Task prompt:
Your response should consist of the entries below, reproduced exactly and without their images.

The input:
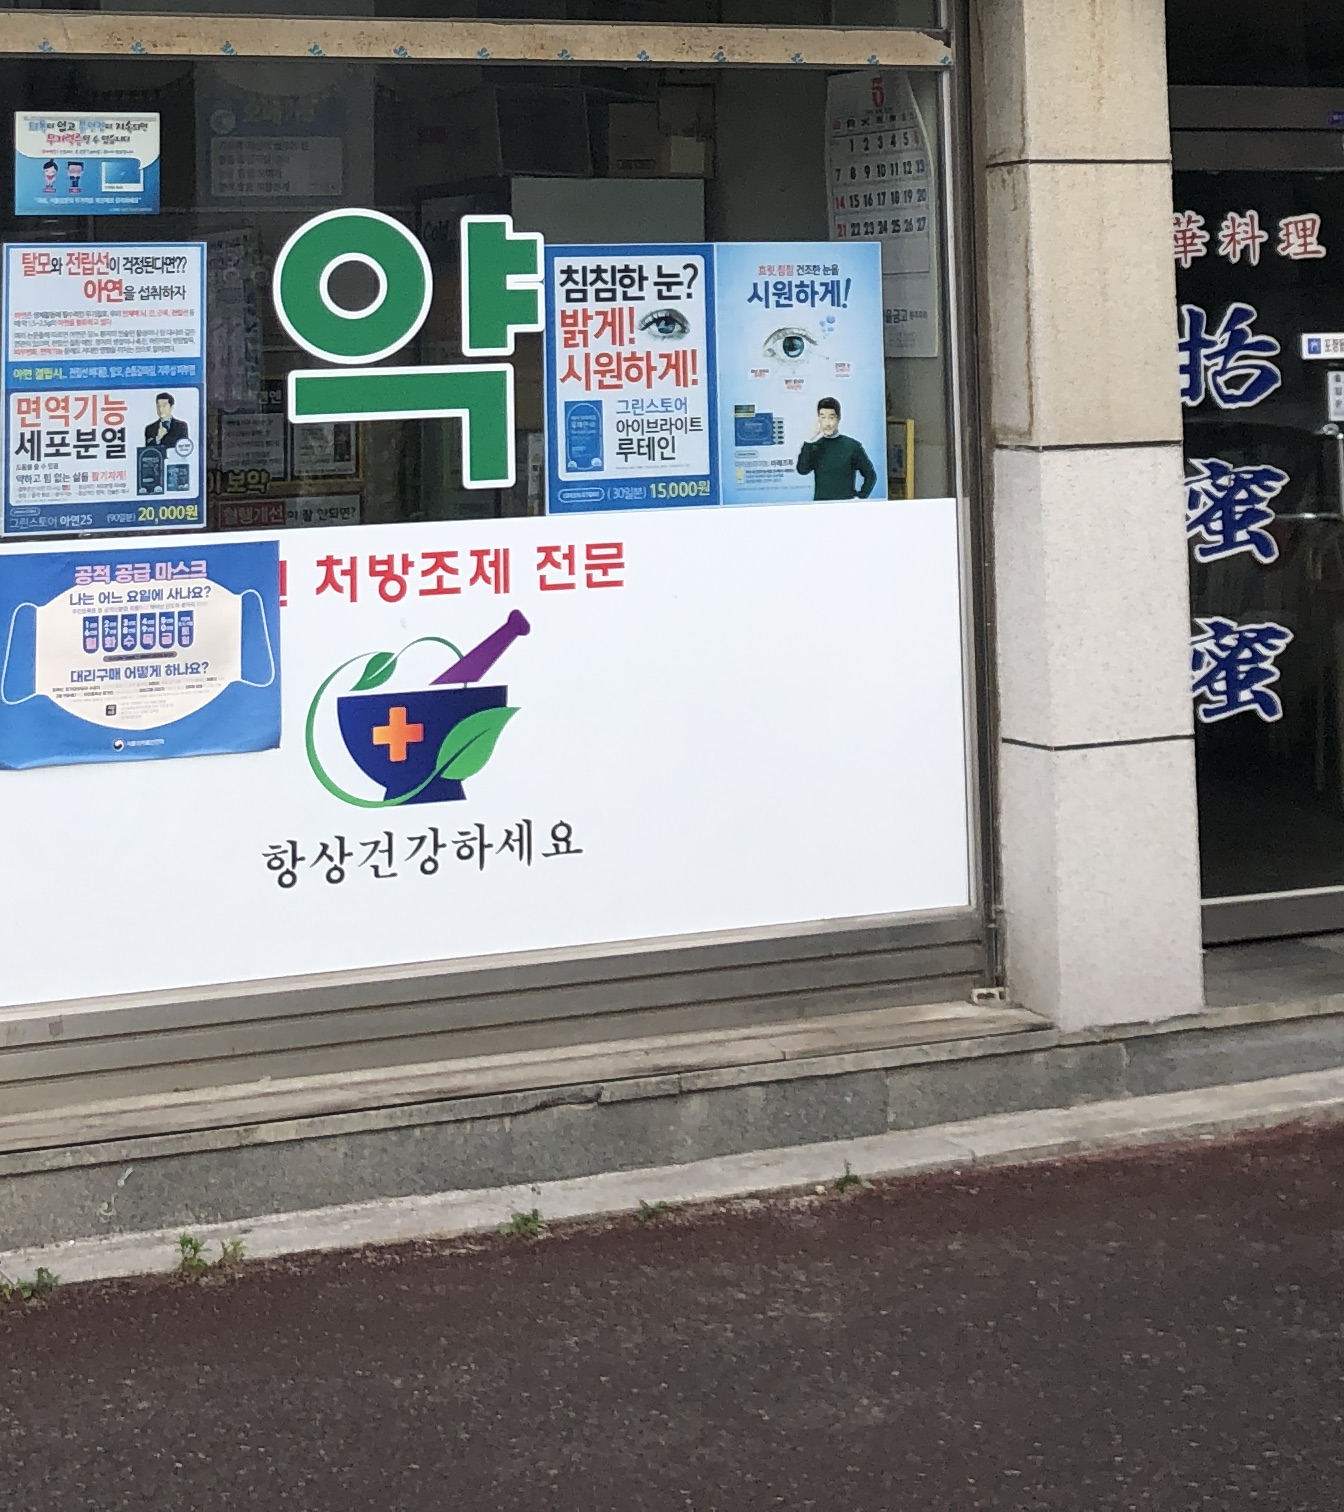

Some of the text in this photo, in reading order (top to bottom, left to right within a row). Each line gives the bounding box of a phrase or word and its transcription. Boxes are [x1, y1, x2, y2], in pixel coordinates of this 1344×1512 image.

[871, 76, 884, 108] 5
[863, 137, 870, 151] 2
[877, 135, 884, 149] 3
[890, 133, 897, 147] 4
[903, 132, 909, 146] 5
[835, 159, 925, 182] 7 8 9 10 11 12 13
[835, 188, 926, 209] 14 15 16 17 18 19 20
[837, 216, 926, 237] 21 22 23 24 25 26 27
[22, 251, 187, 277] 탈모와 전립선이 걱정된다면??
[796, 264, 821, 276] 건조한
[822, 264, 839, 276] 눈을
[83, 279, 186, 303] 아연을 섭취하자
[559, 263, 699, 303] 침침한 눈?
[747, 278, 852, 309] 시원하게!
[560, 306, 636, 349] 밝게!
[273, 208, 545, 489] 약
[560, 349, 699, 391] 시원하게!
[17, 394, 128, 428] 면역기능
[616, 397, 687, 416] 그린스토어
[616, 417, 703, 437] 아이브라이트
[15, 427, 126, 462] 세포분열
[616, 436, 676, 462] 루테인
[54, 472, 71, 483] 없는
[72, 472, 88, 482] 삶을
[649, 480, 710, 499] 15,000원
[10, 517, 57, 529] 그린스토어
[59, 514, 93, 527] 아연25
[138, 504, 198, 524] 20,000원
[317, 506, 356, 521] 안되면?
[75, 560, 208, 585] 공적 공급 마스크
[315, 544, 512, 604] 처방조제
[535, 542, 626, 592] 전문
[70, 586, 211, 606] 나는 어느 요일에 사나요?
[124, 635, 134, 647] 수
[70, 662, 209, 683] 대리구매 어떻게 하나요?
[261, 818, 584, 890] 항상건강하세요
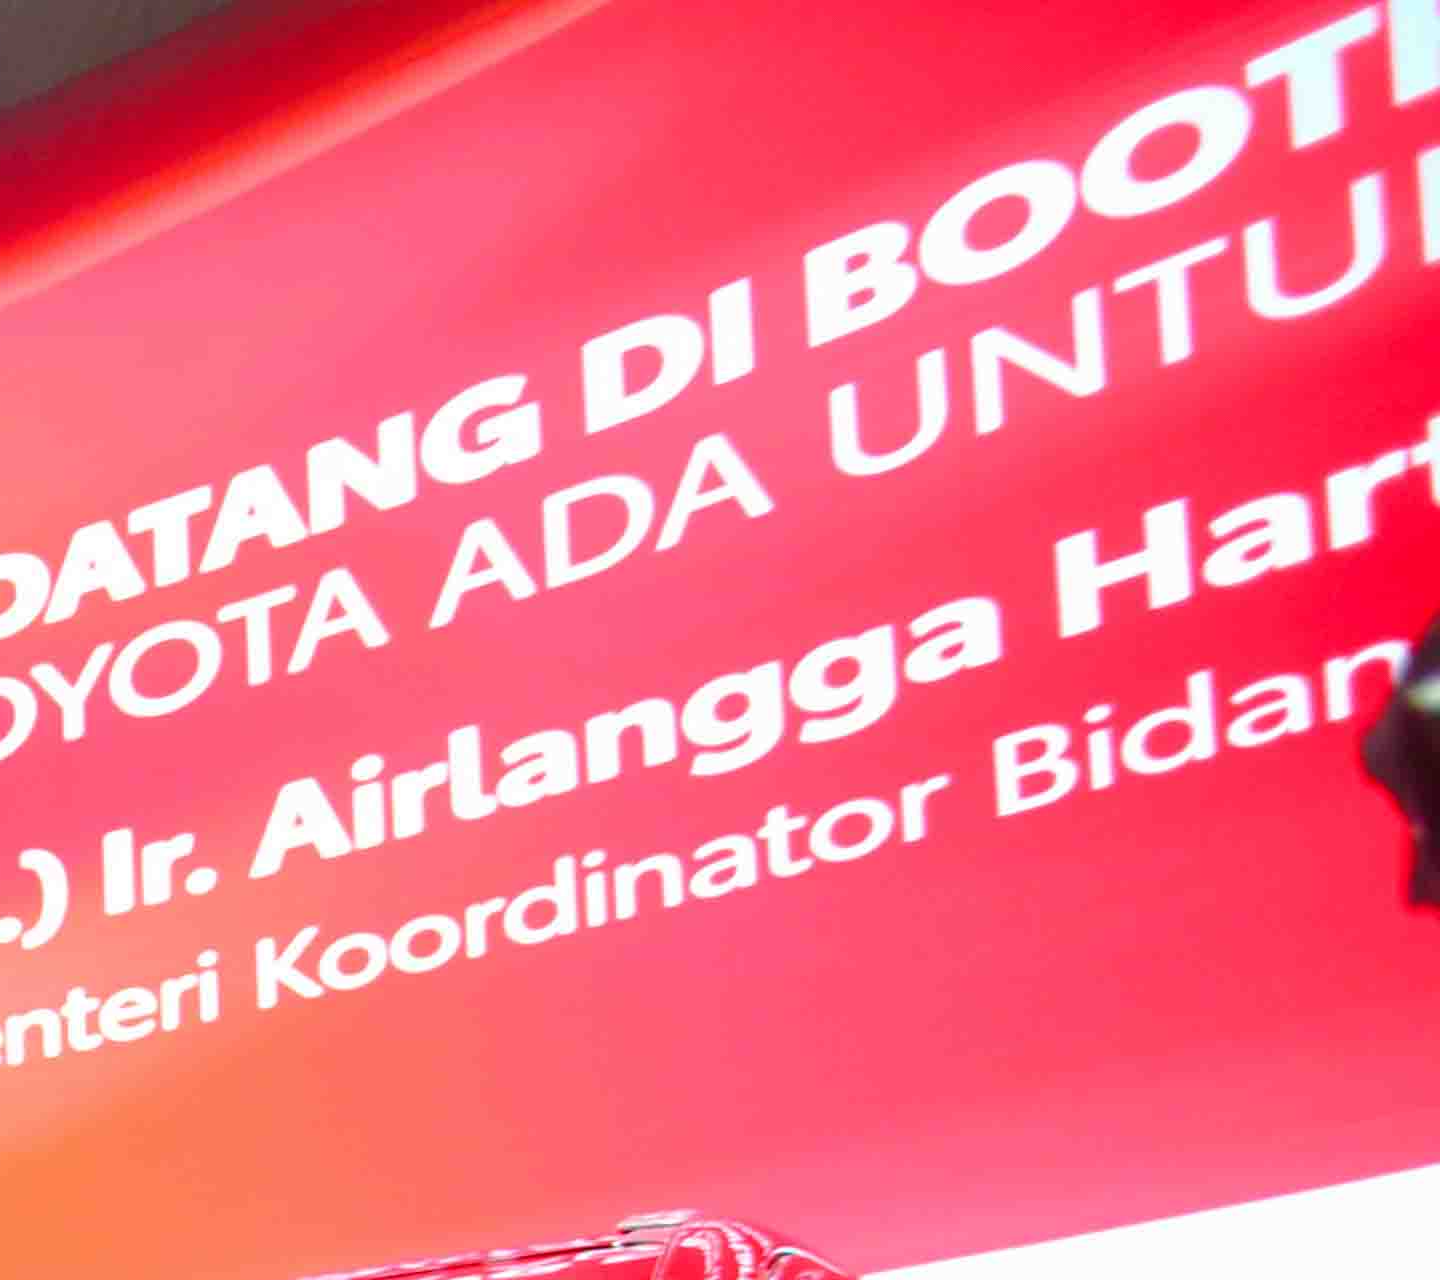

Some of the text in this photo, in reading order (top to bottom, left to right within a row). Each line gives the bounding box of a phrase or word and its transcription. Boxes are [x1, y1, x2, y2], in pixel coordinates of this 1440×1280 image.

Answer for this exercise:
Some of the text in this photo, in reading order (top to bottom, left to right within a row). Each line gives the bounding box of a phrase or word and its transcription. Boxes are [x1, y1, x2, y2], in pixel coordinates of this 1344×1512 image.

[871, 76, 884, 108] 5
[863, 137, 870, 151] 2
[877, 135, 884, 149] 3
[890, 133, 897, 147] 4
[903, 132, 909, 146] 5
[835, 159, 925, 182] 7 8 9 10 11 12 13
[835, 188, 926, 209] 14 15 16 17 18 19 20
[837, 216, 926, 237] 21 22 23 24 25 26 27
[22, 251, 187, 277] 탈모와 전립선이 걱정된다면??
[796, 264, 821, 276] 건조한
[822, 264, 839, 276] 눈을
[83, 279, 186, 303] 아연을 섭취하자
[559, 263, 699, 303] 침침한 눈?
[747, 278, 852, 309] 시원하게!
[560, 306, 636, 349] 밝게!
[273, 208, 545, 489] 약
[560, 349, 699, 391] 시원하게!
[17, 394, 128, 428] 면역기능
[616, 397, 687, 416] 그린스토어
[616, 417, 703, 437] 아이브라이트
[15, 427, 126, 462] 세포분열
[616, 436, 676, 462] 루테인
[54, 472, 71, 483] 없는
[72, 472, 88, 482] 삶을
[649, 480, 710, 499] 15,000원
[10, 517, 57, 529] 그린스토어
[59, 514, 93, 527] 아연25
[138, 504, 198, 524] 20,000원
[317, 506, 356, 521] 안되면?
[75, 560, 208, 585] 공적 공급 마스크
[315, 544, 512, 604] 처방조제
[535, 542, 626, 592] 전문
[70, 586, 211, 606] 나는 어느 요일에 사나요?
[124, 635, 134, 647] 수
[70, 662, 209, 683] 대리구매 어떻게 하나요?
[261, 818, 584, 890] 항상건강하세요

Some of the text in this photo, in reading order (top to bottom, left to right within a row). Each line gives the bounding box of a phrase or word and its transcription. Boxes are [x1, y1, x2, y2], in pixel coordinates of this 1440×1280 image.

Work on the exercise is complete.